Das AG hat frei gesprochen, die Berufung der StA hatte keinen Erfolg. Das LG sagt: Das Verhalten des Rechtsanwalts erfüllt zwar den Tatbestand des § § 203 Abs. 1 S. 1 StGB, es ist aber nicht rechtswidrig:

„2. Der Angeklagte hat damit zwar tatbestandsmäßig, jedoch nicht rechtswidrig gehandelt, da sich Befugnisse zum Offenbaren von Geheimnissen bzw. Einzeldaten aus einfachgesetzlichen Regelungen ergeben können und solche hier einschlägig sind. Erfolgt nämlich die Mitteilung /Weitergabe aufgrund einer gesetzlichen Vorgabe ist das darin liegende Offenbaren als rechtmäßig einzuordnen und das Handeln damit nicht „unbefugt“ im Sinne des § 203 StGB Abs. 1 S. 1 StGB, wobei sich vorliegend eine eindeutige Grundlage für ein Offenbarungsrecht aus der besonderen gesetzlichen Bestimmung des § 32f Abs. 5 S. 2 StPO, das qualifizierte Mitteilungspflichten und Auskunftsrechte enthält, ergibt. § 32f Abs. 5 S. 1 StPO normiert dabei eine datenschutzrechtliche Zweckbindung dergestalt, dass grundsätzlich Akten, Dokumente, Ausdrucke oder Abschriften, die im Rahmen einer Akteneinsicht überlassen wurden, weder ganz oder teilweise verbreitet werden noch Dritten zu verfahrensfremden Zwecken übermittelt oder zugänglich gemacht werden dürfen. Damit ist eine Übermittlung oder das Zugänglichmachen an Dritte allein zu Verfahrenszwecken grundsätzlich möglich, wobei nach § 32f Abs. 5 S. 2 StPO personenbezogene Daten einen erweiterten Schutz erfahren, da diese nur zu demjenigen Zweck verwendet werden dürfen, für den die Akteneinsicht gewährt wurde.

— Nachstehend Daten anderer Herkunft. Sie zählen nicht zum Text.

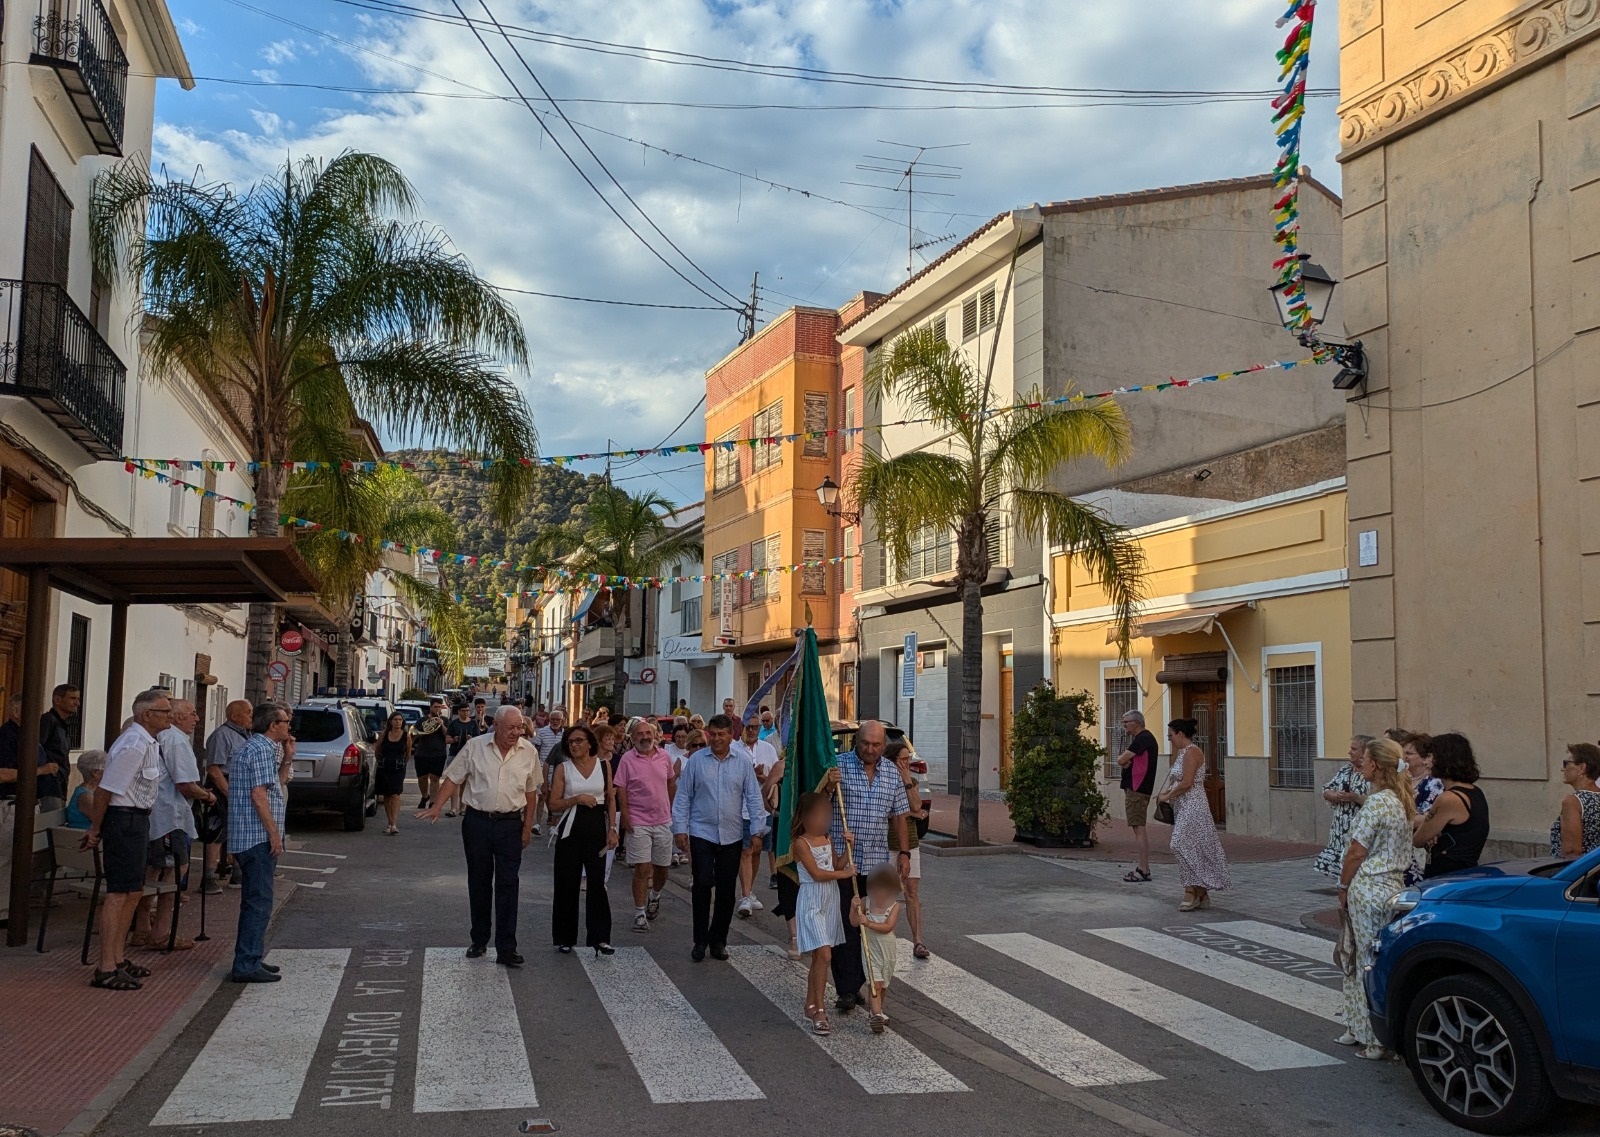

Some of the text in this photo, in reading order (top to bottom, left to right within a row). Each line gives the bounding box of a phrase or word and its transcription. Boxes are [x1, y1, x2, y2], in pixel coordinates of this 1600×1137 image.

[361, 949, 414, 968] PER
[1162, 925, 1344, 979] DIVERSIDAD
[353, 980, 407, 997] LA
[319, 1011, 402, 1110] DIVERSITAT
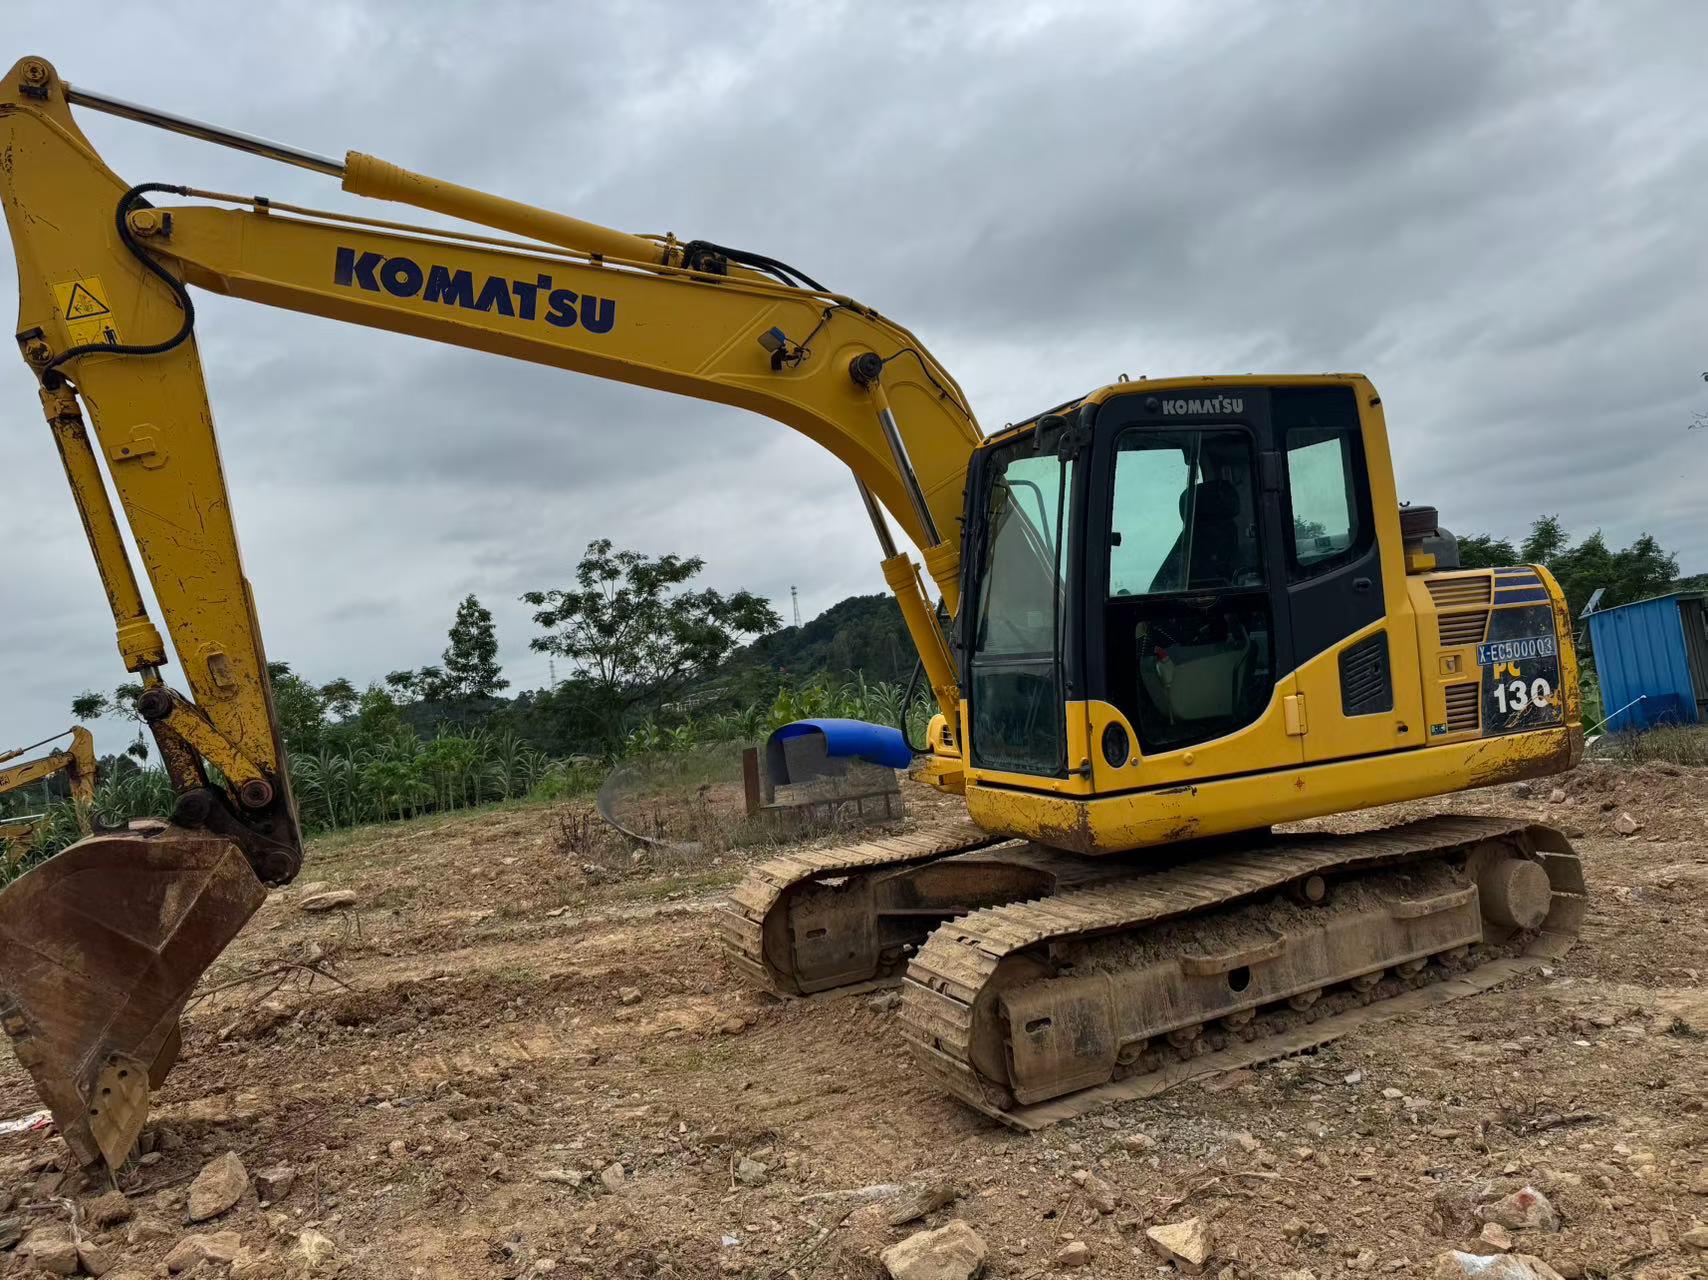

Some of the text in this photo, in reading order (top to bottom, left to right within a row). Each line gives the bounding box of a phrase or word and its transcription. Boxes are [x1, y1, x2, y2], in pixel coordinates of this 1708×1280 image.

[334, 246, 616, 334] KOMATSU
[1162, 395, 1244, 415] KOMATSU
[1493, 677, 1551, 713] 130
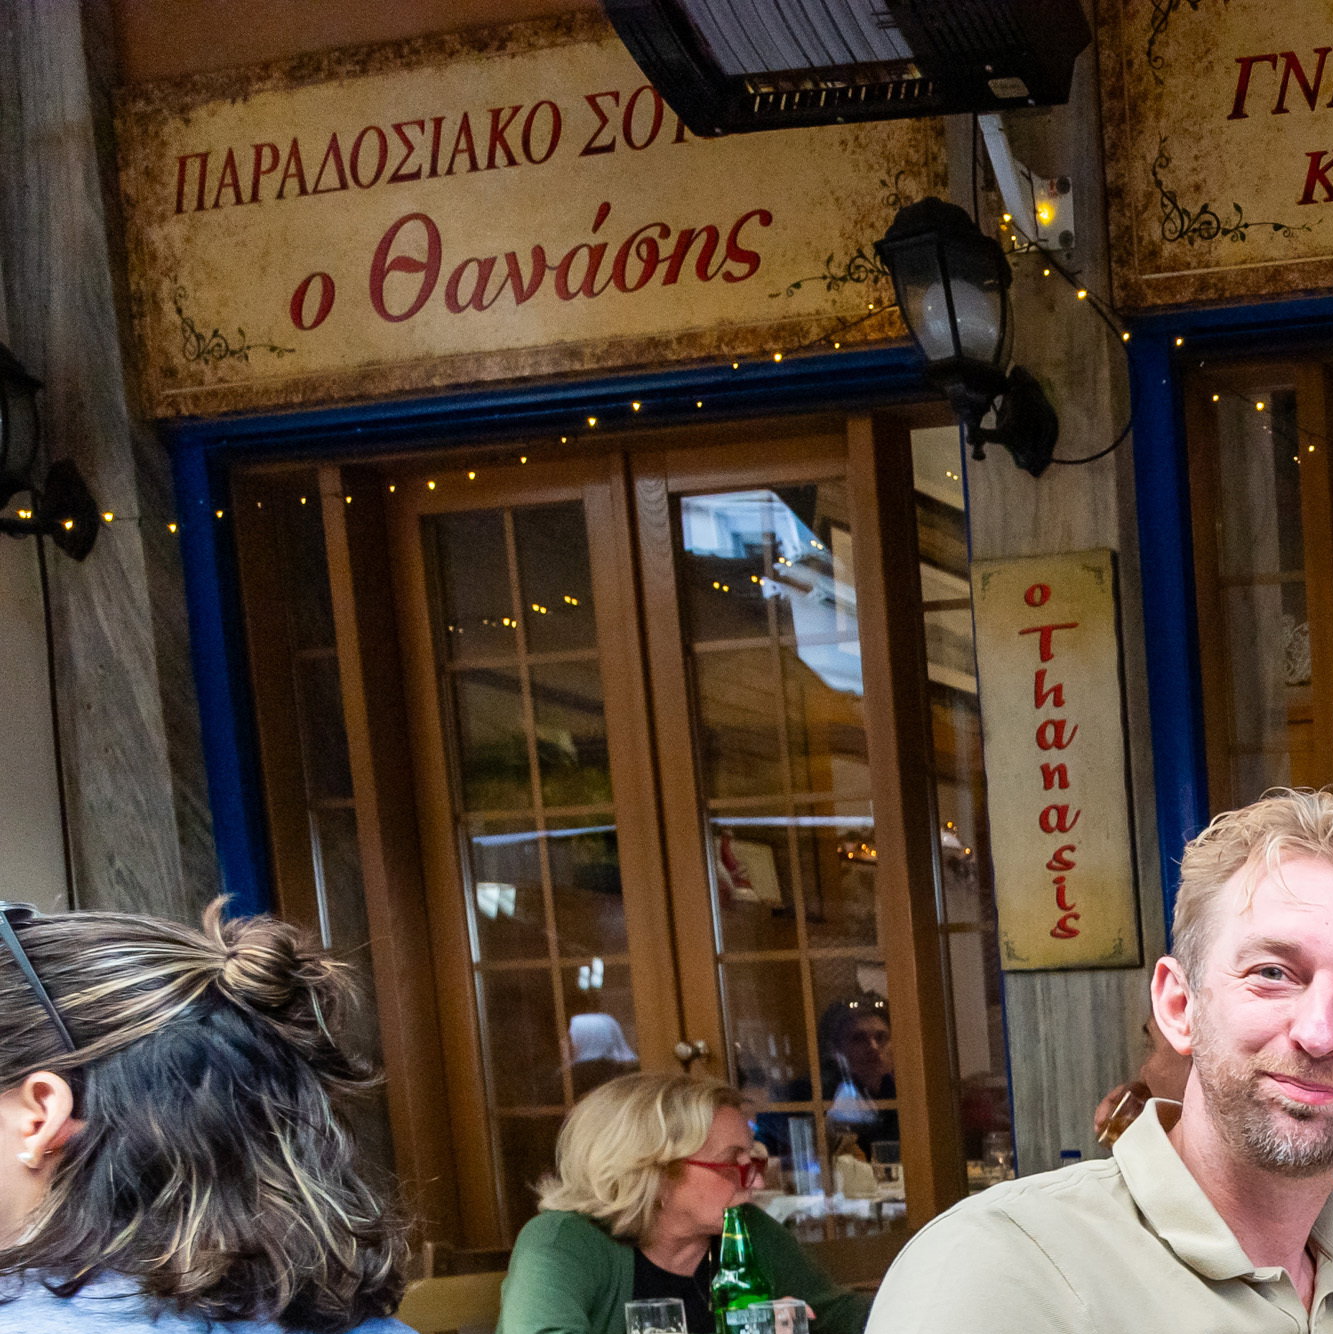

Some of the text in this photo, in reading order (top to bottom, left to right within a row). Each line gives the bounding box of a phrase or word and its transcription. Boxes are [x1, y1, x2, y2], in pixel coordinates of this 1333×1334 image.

[173, 99, 563, 216] ΠΑΡΑΔΟΣΙΑΚΟ
[367, 201, 776, 326] Θανάσης
[1018, 621, 1082, 940] Thanasis
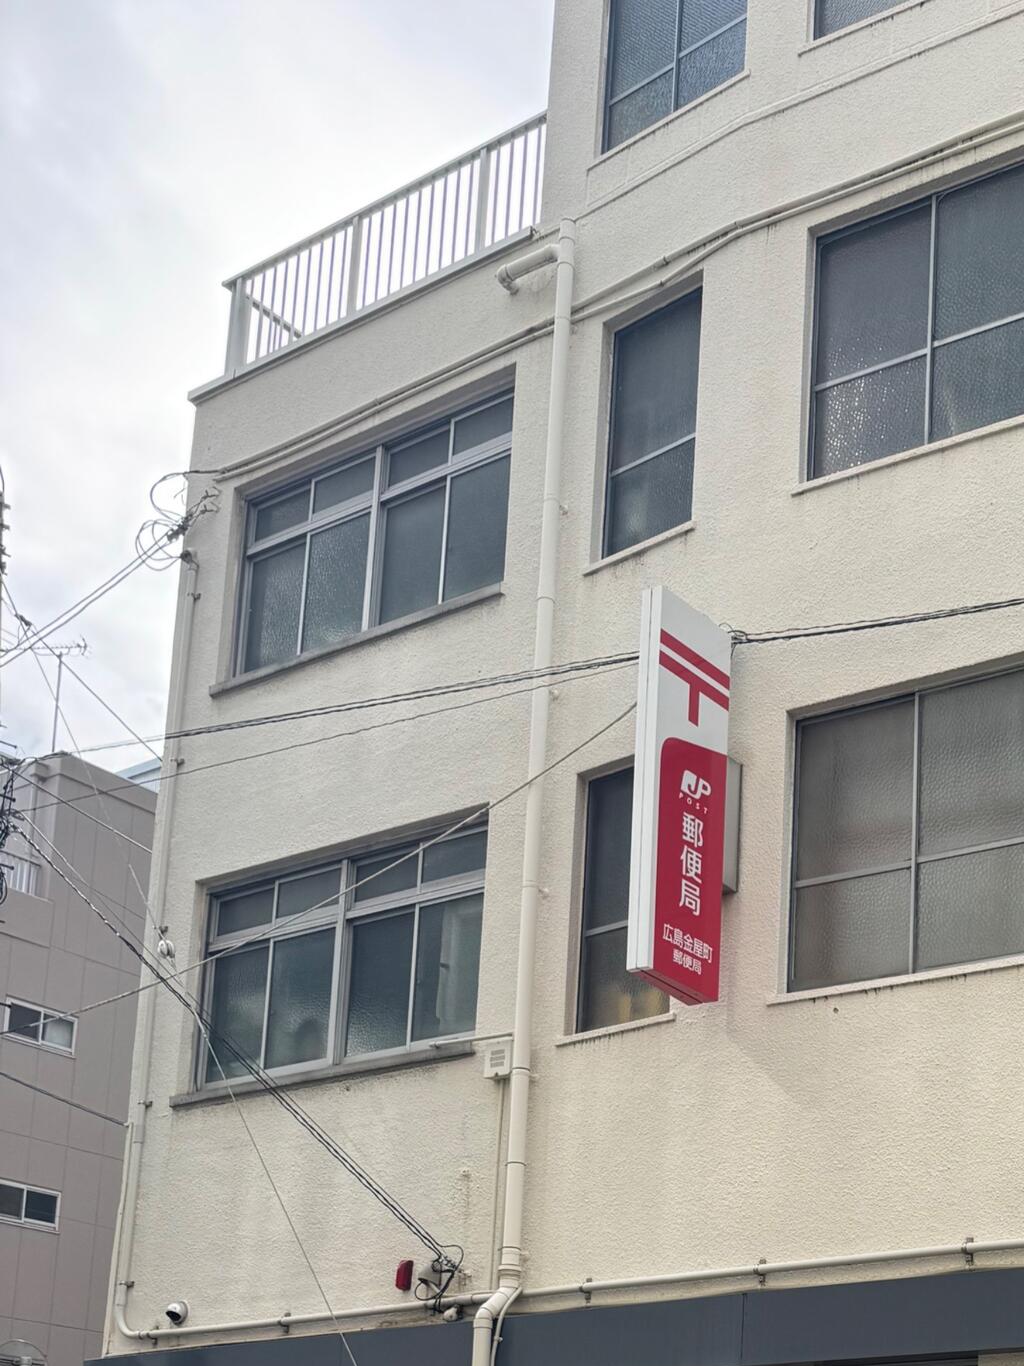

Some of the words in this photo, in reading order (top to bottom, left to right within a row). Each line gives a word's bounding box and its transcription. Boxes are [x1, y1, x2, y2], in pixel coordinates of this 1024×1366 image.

[679, 793, 708, 815] POST
[679, 811, 703, 916] 郵便局
[663, 924, 713, 963] 広島金屋町
[672, 949, 702, 975] 郵便局
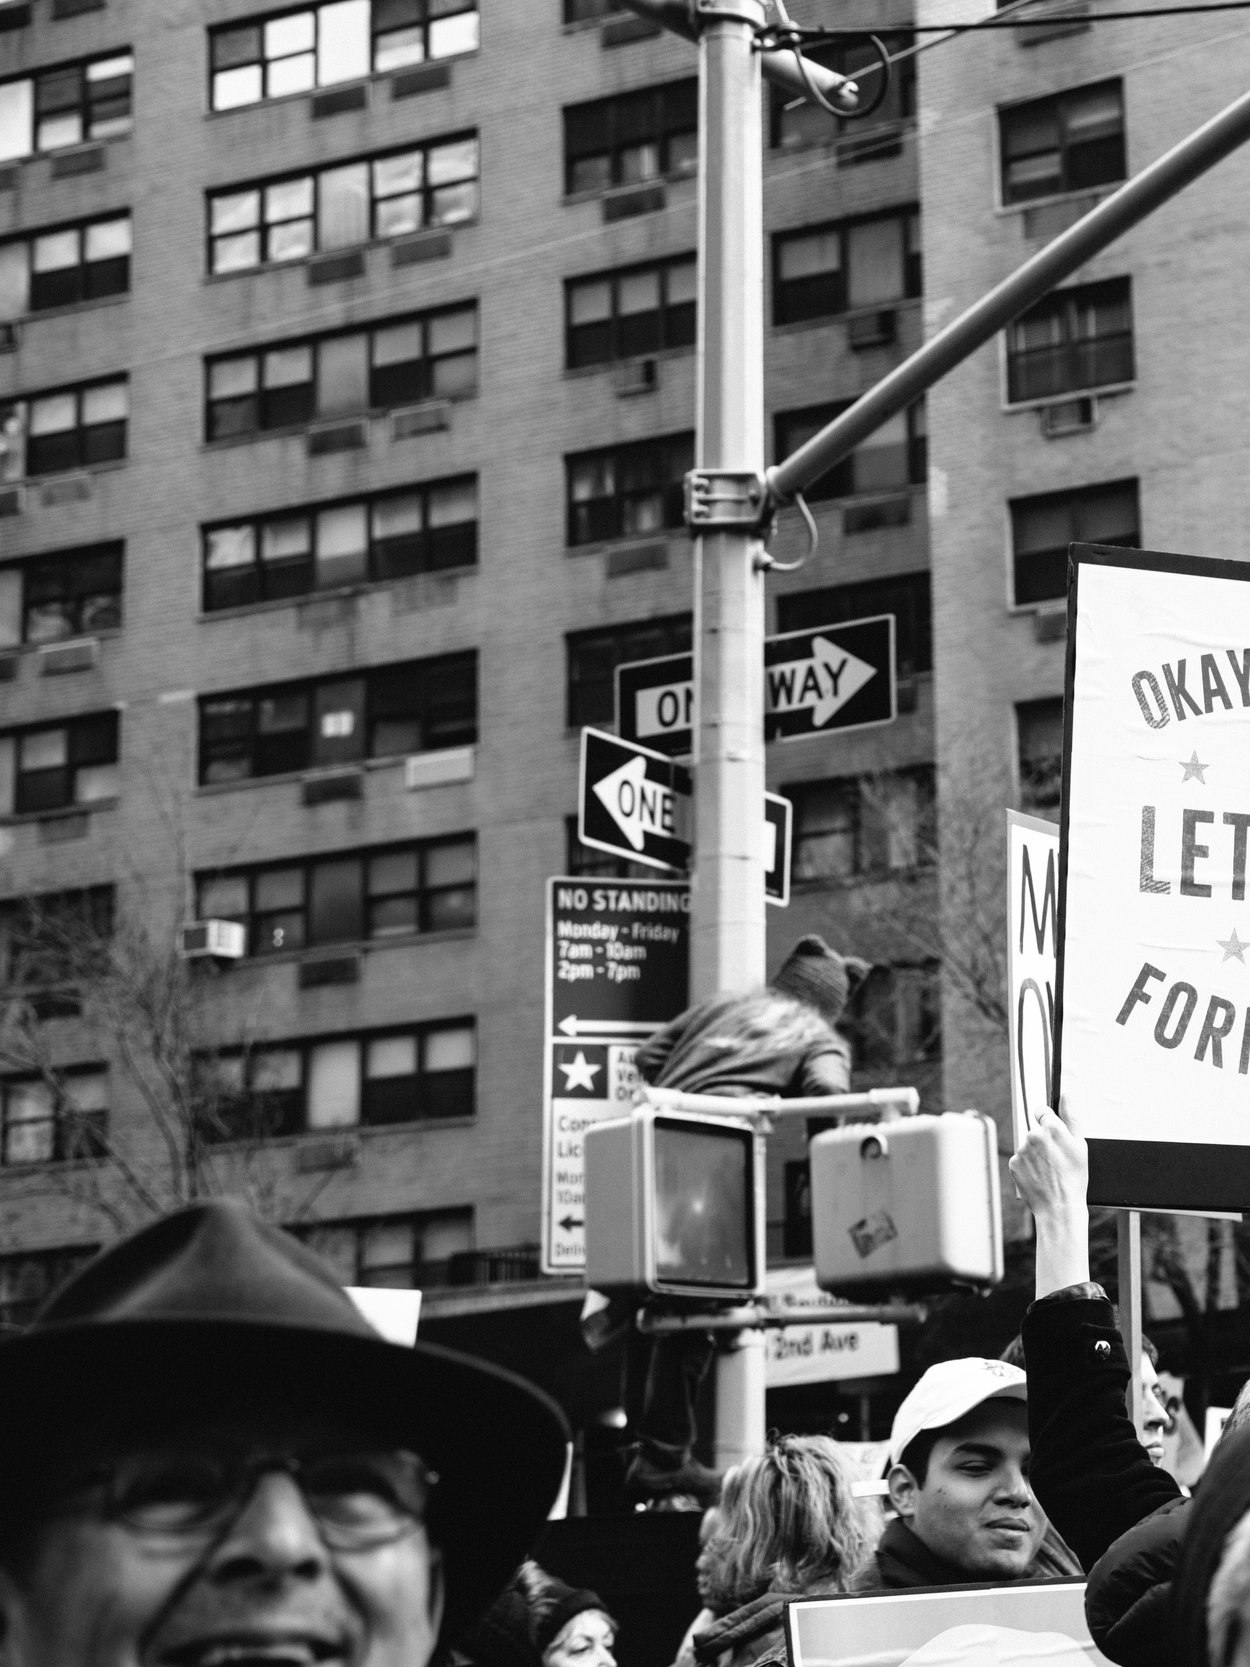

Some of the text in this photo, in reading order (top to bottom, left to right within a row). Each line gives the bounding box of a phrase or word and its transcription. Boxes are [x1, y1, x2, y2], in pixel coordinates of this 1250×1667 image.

Hiernach war der Angeklagte zur Weitergabe der Personaldaten des kindlichen Opferzeugen an den externen Sachverständigen befugt. Vorliegend war dem Angeklagten die Stellungnahme der Diplom-Psychologin pp. nämlich im Rahmen des Rechts auf Akteneinsicht und rein zu Verteidigungszwecken überlassen worden. Die Weitergabe an den Sachverständigen Prof. Dr. pp. erfüllte dieses. Nach Auffassung der Kammer definiert sich der Verteidigungszweck dabei durch die – aus Sicht des Verteidigers! – erforderlichen Handlungen die für eine sachgemäße Verteidigung notwendig sind oder mit ihr im Zusammenhang stehen und muss die Einbindung weiterer Personen zum Zwecke einer effektiven Verteidigung grundsätzlich dem sachgemäßen Ermessen des Verteidigers überlassen bleiben, so dass letztlich nicht entscheidend ist, ob die Weitergabe der geschützten Daten im engeren Sinne erforderlich war, sondern ob der Verteidiger dies im Rahmen seiner Verteidigungsstrategie bei Abwägung der Mandanteninteressen und den Persönlichkeitsrechten Dritter nach Ausübung pflichtgemäßen Ermessens für sachgerecht halten durfte (vgl. Gesetzesbegründung zu § 32f StPO in BT-Drucks. 18/9416, S. 55f.; MüKo- Kämpfer/Travers, StPO 2. Aufl. § 147 Rz. 44f; Beck-OK StPO § 147 Rz. 33; Meyer-Goßner/Schmitt, § StPO, § 32f Rz. 17; Travers/Schwerdtfeger, StV 2021, 750 ff.).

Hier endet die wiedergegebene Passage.